I follow Kris Rusch pretty closely to learn as much as I can about the writing business. I also support her on Patreon where she posts most of her blog entries prior to posting them publicly. A few are only available on Patreon.
I read her latest post on the effect of large events on the retail cycle about a week ago on Patreon and have been thinking about it ever since.
Because election year book sales—heck, election year entertainment sales—are usually weird. In the past, there’s usually a decline in retail sales (and that includes entertainment dollars) in the U.S. during the fall of a general election year. Sales will increase in November over the previous few months, but third quarter sales (and the first month of the fourth quarter) usually take a nose-dive.
Other big events also stop people from reading. I remember when the Twin Towers fell. I couldn’t read for months. Finally Steve gently told me that I had to stop watching the news. Only after turning off the news was I able to go back to reading.
One of her commenters points out that it’s not just competing media taking our attention that matters. Regarding the recent fires in Australia, Nicole says, “When my province was on fire, I wasn’t reading (or writing, to be honest) novels. I was trying to find out if my friends and family members were safe and making donations and clearing out the spare bedroom in case it was needed.”
There is so much news these days. When Clinton was impeached, I drenched myself in news. I read every word of Monica Lewinsky’s racy testimony. I read less of everything else.

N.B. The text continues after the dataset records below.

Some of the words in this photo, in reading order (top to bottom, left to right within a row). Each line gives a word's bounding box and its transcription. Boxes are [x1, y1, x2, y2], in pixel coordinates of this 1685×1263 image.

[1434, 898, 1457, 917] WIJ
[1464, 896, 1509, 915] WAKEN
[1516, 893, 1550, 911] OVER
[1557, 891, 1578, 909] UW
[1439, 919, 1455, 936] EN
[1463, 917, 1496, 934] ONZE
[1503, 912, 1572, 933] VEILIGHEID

We just had an impeachment again and the trial in the Senate started. Or did it? I am not sure. I’m not really paying that much attention. I’m writing, reading, and generally living my life.
Kris Rusch says
If chaos becomes normal, and it’s impossible to focus on one major news story or event, then consumers will stop paying attention. That’s what they do most of the time. Because the world is always heaving and churning. We continue our lives through all that noise.

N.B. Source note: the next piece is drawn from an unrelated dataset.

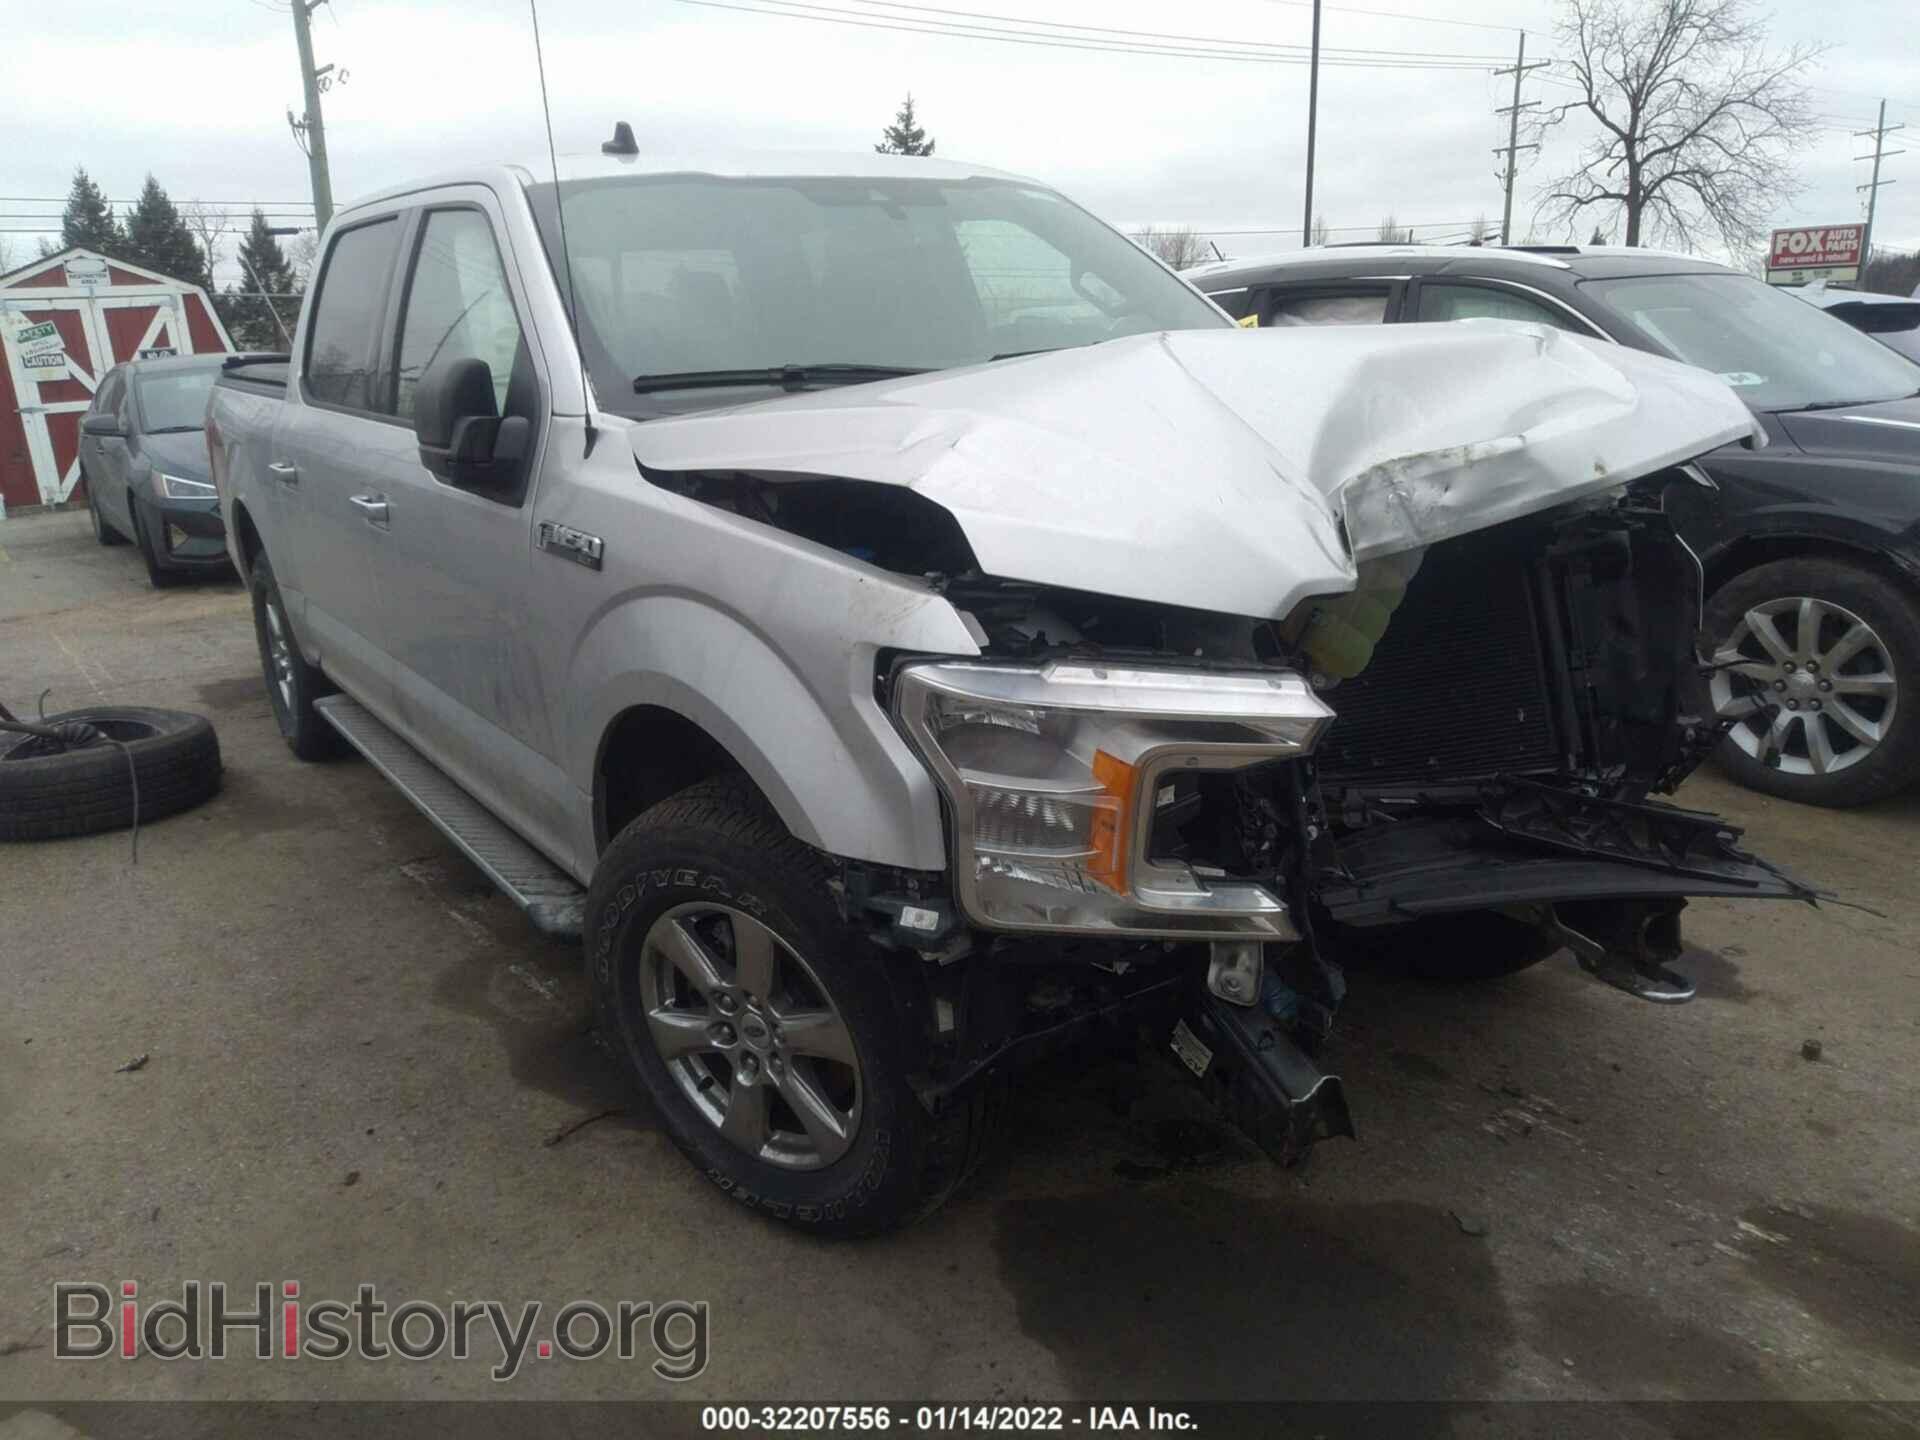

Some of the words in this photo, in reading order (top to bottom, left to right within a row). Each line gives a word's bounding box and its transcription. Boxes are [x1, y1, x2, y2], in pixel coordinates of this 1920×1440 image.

[1827, 229, 1857, 240] AUTO
[1775, 231, 1824, 255] FOX
[1825, 240, 1858, 253] PARTS
[24, 354, 64, 367] CAUTION

So where are we? If I judge by my own reactions, I think we entered the world of swirling chaos. There is so much news all the time, it is impossible to focus on any one thing. Might as well read. Might as well live a fictional life vicariously for a while. Might as well learn something.
I wonder how this happened. Is the chaos we are seeing the result of additional chaos in the system. Climate change is certainly a chaos driver. Is that it?

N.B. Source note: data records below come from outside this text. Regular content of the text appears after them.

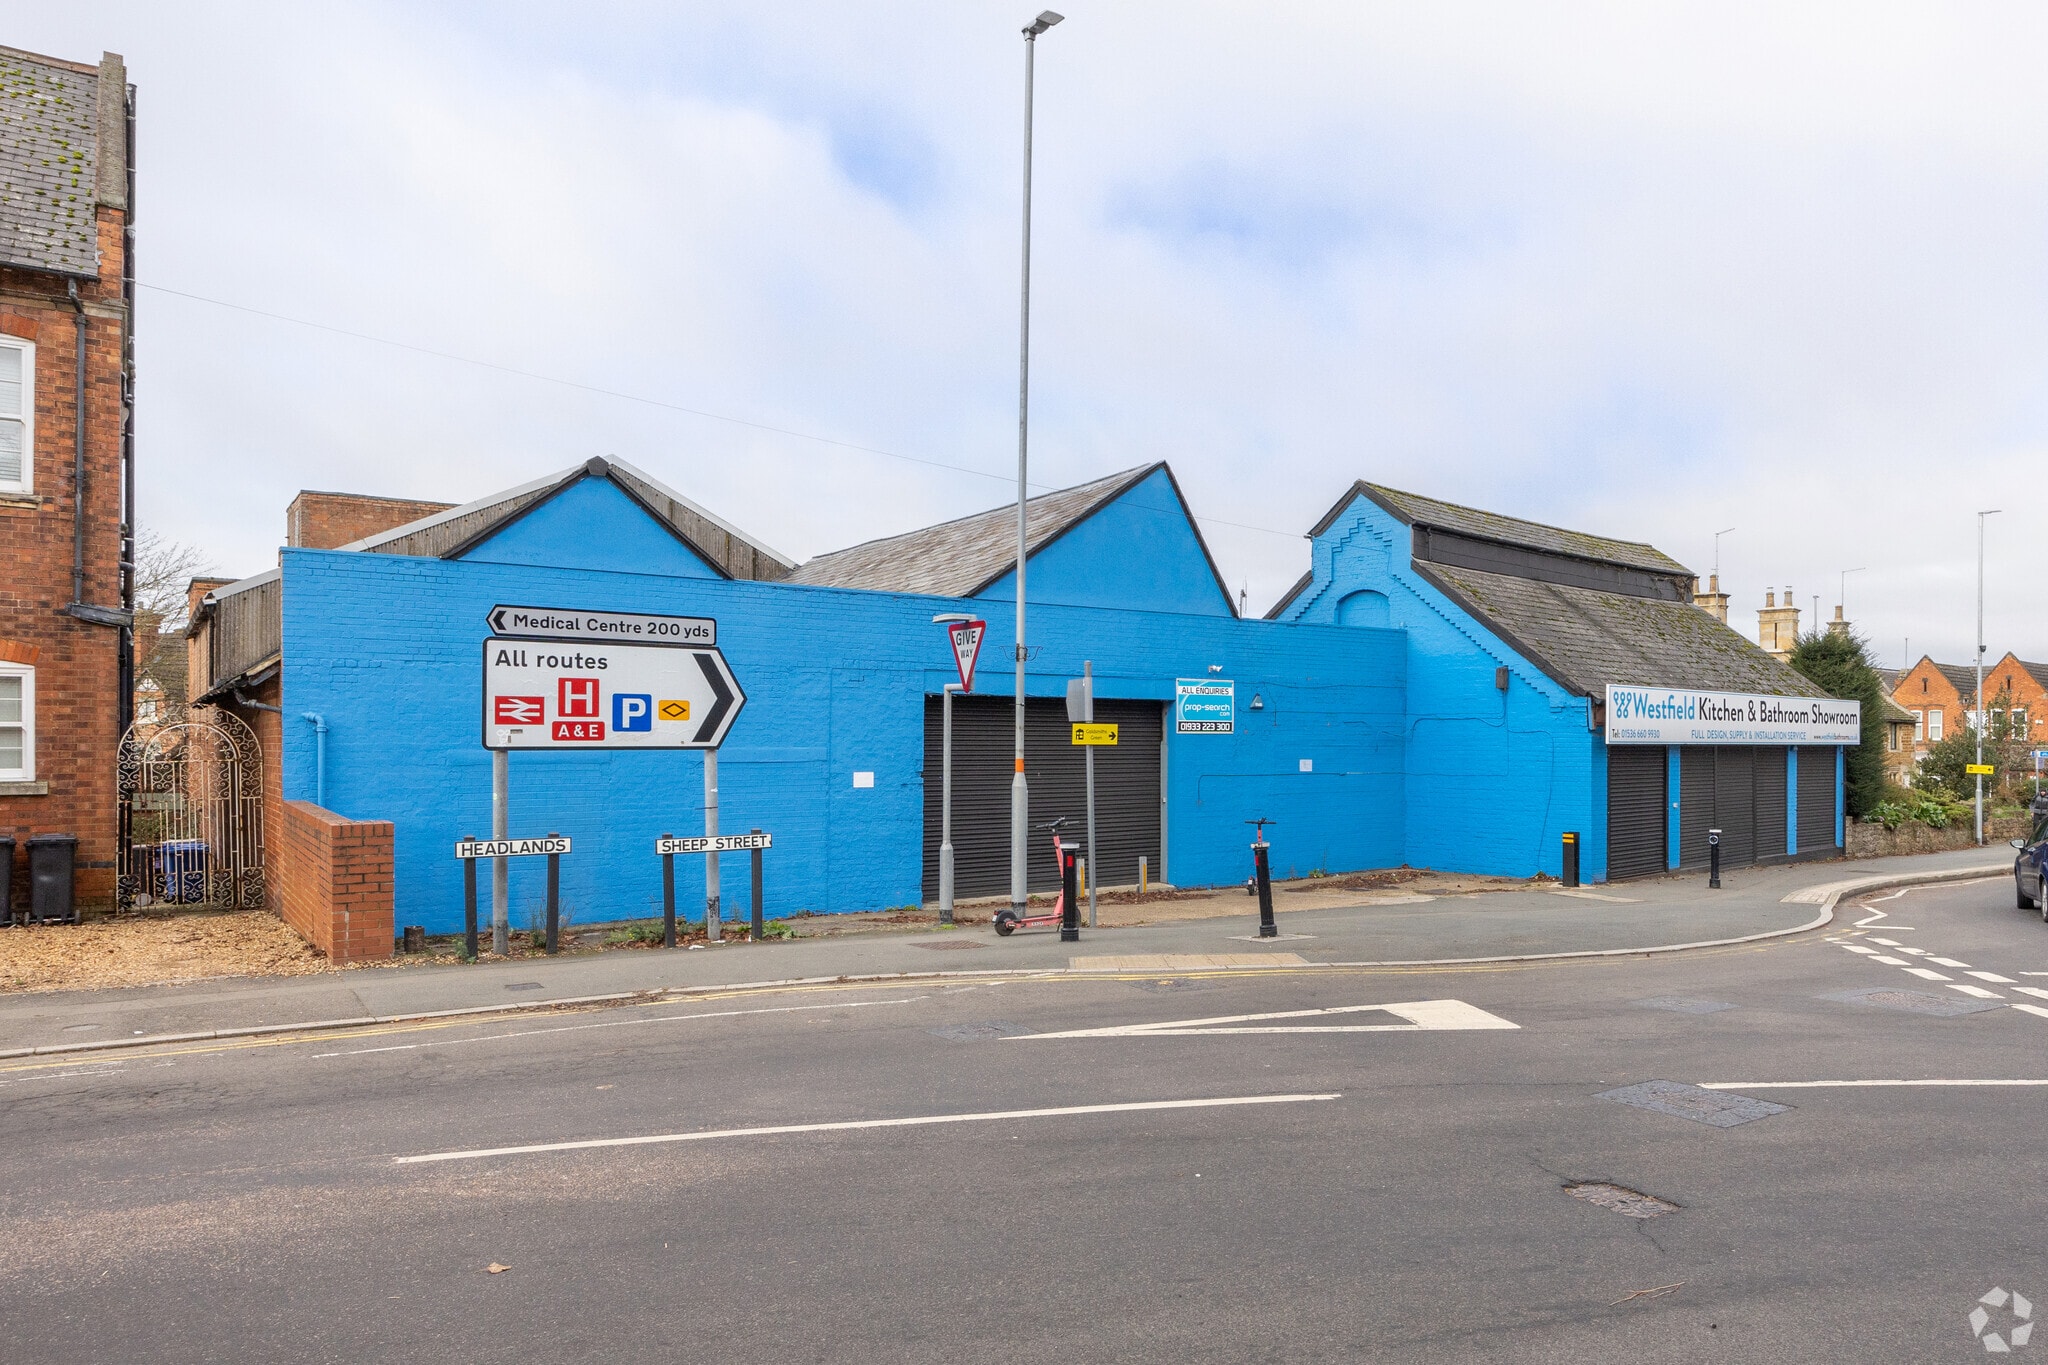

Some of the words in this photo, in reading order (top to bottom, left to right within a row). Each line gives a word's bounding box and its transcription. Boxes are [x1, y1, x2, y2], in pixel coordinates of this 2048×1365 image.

[514, 614, 580, 630] Medical
[587, 618, 642, 634] Centre
[647, 622, 680, 635] 200
[684, 625, 709, 639] yds
[956, 630, 976, 646] GIVE
[495, 649, 527, 667] All
[536, 652, 608, 670] routes
[961, 649, 973, 659] WAY
[564, 681, 593, 714] H
[1196, 687, 1229, 695] ENQUIRIES
[622, 698, 647, 728] P
[1184, 704, 1230, 712] prop-search
[1633, 692, 1695, 720] Westfield
[1699, 696, 1744, 721] Kitchen
[1748, 700, 1756, 722] &
[1760, 701, 1809, 724] Bathroom
[1812, 703, 1858, 725] Showroom
[1180, 722, 1200, 731] 01933
[1202, 722, 1215, 731] 223
[1216, 722, 1230, 731] 300
[1691, 730, 1704, 739] FULL
[1730, 730, 1748, 740] SUPPLY
[1749, 731, 1752, 740] &
[1754, 731, 1787, 740] INSTALLATION
[1788, 731, 1806, 740] SERVICE
[461, 839, 566, 857] HEADLANDS
[662, 839, 708, 852] SHEEP
[716, 835, 767, 849] STREET

Or is it that we know so much more about the world because we are living in the midst of an age of free information about nearly every corner of the globe? It’s available with no work on our part. It floods our consciousness. Is that it?
How does this affect the entertainment industries? Where do we fit in?
Here’s Rusch’s advice:
The other piece of advice that I can give you? Write a lot. Keep your head down, produce, and don’t be distracted by all the noise. That will be hard, but remember this: If you had (have) a day job, you’d go no matter what’s happen on the national and international level. Show up as a writer as well. Writing is not only what you do, it’s what you do well.
I’ve quoted her very fine blog post a lot here, but barely scratched the surface. Go read it. There is so much good within it, so much that will enlighten you.
Now I need to write. Mermaids are waiting.
May you find your own way through the swirling chaos. Be well, friends!